DATA PROVIDED:
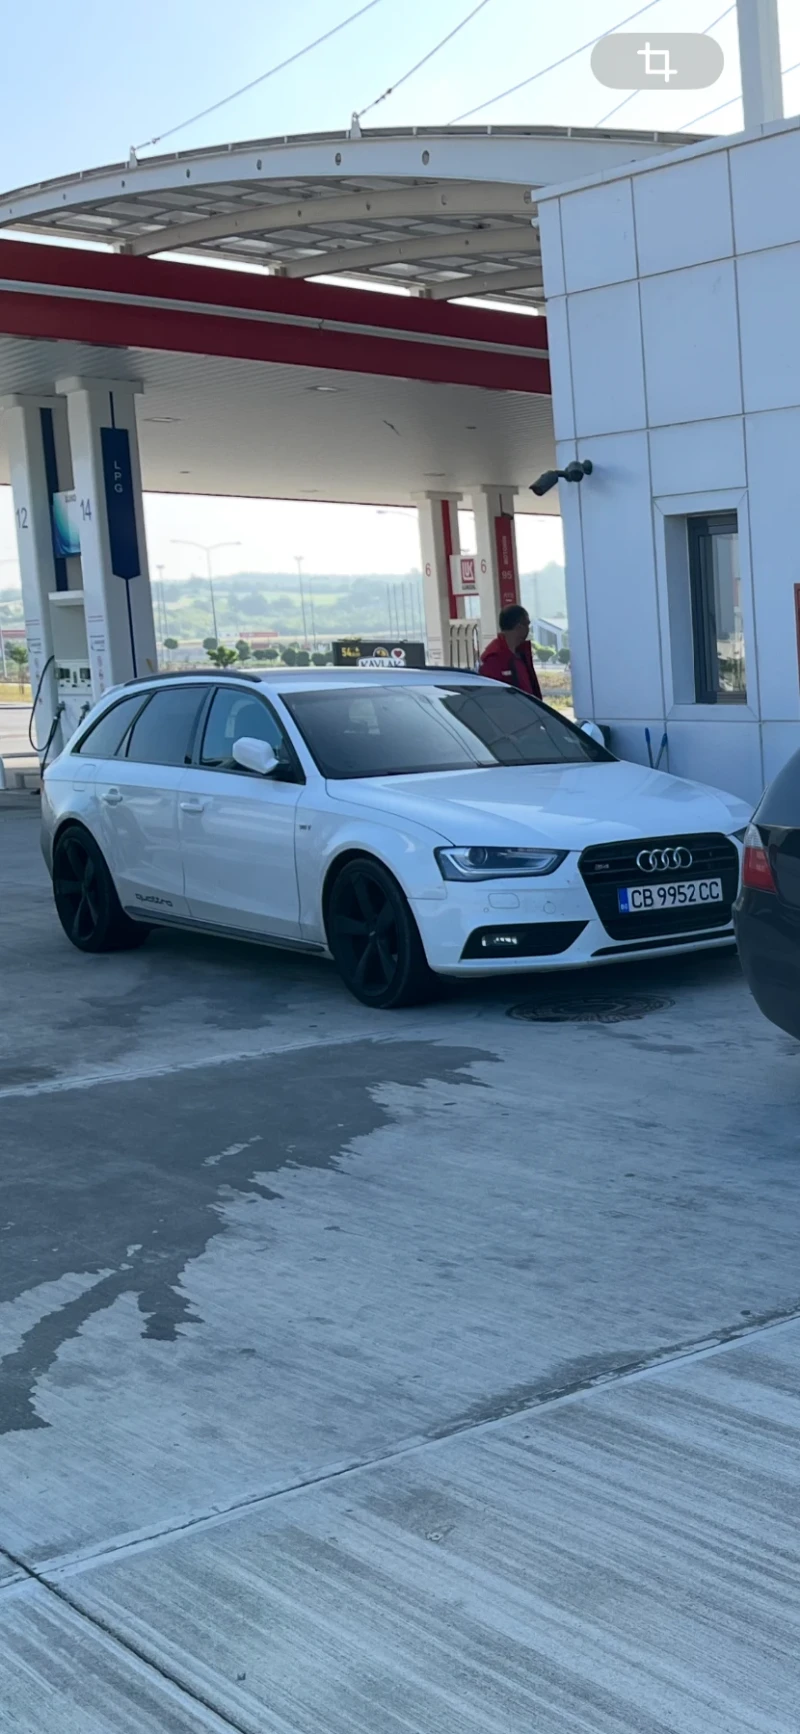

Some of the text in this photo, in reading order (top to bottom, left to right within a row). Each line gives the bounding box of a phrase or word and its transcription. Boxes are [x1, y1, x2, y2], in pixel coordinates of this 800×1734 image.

[114, 461, 123, 492] LPG
[16, 507, 29, 529] 12
[80, 498, 92, 521] 14
[425, 562, 432, 577] 6
[480, 559, 487, 574] 6
[502, 570, 513, 580] 95
[134, 893, 174, 908] quattro
[631, 881, 719, 908] CB 9952 CC
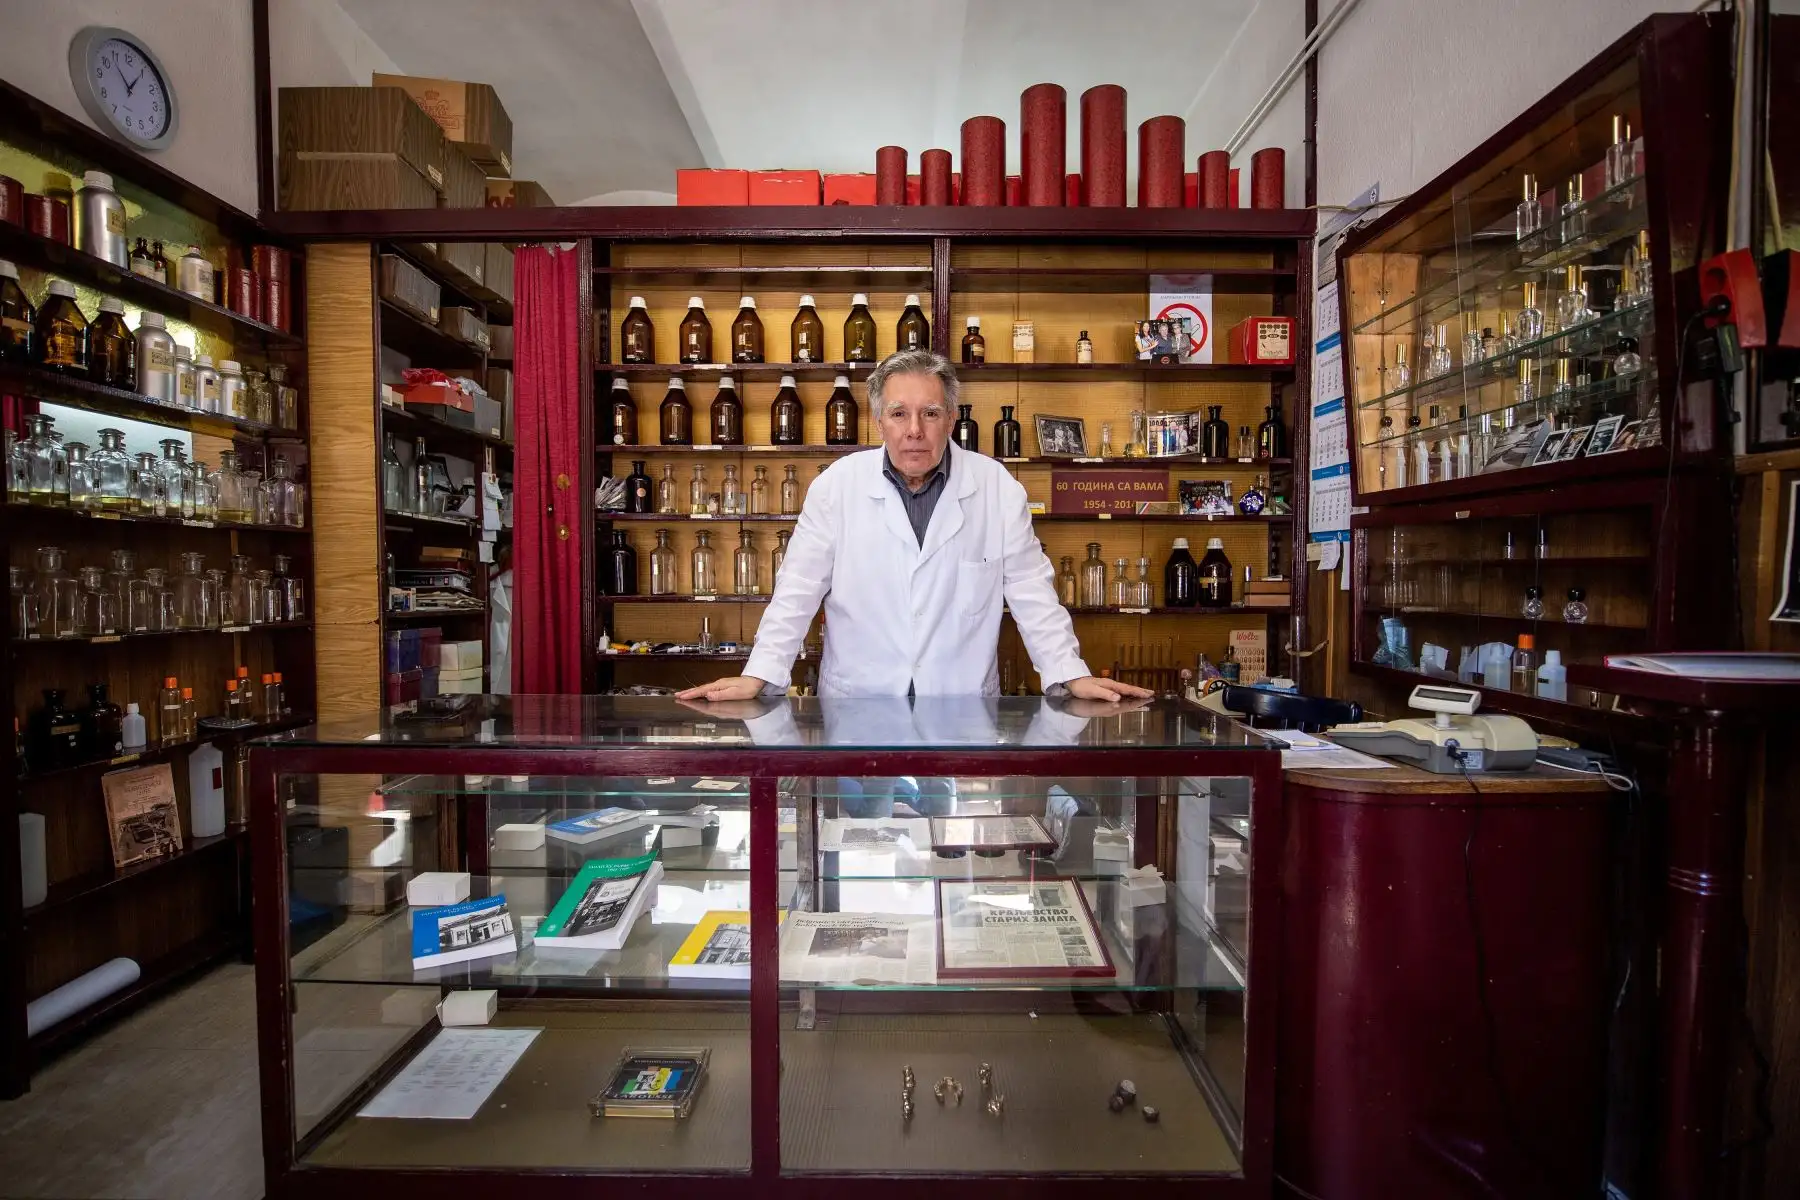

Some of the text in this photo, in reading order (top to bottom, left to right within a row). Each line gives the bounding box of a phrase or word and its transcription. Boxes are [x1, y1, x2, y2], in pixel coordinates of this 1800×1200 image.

EXERCISE AIM:
Without including any picture, output all the material exactly as it appears.

EXERCISE RESPONSE:
Some of the text in this photo, in reading order (top to bottom, left to right within a row). Each line gives the bounding box of a phrase or word and its transcription. Boxes are [x1, y1, x2, y2], in pixel coordinates of this 800×1734 image.

[114, 461, 123, 492] LPG
[16, 507, 29, 529] 12
[80, 498, 92, 521] 14
[425, 562, 432, 577] 6
[480, 559, 487, 574] 6
[502, 570, 513, 580] 95
[134, 893, 174, 908] quattro
[631, 881, 719, 908] CB 9952 CC

Some of the text in this photo, in reading order (top to bottom, left to right within a row). Each line gives the bounding box of a phrase or word and its transcription. Boxes are [x1, y1, x2, y2], in pixel coordinates of this 1800×1200 image.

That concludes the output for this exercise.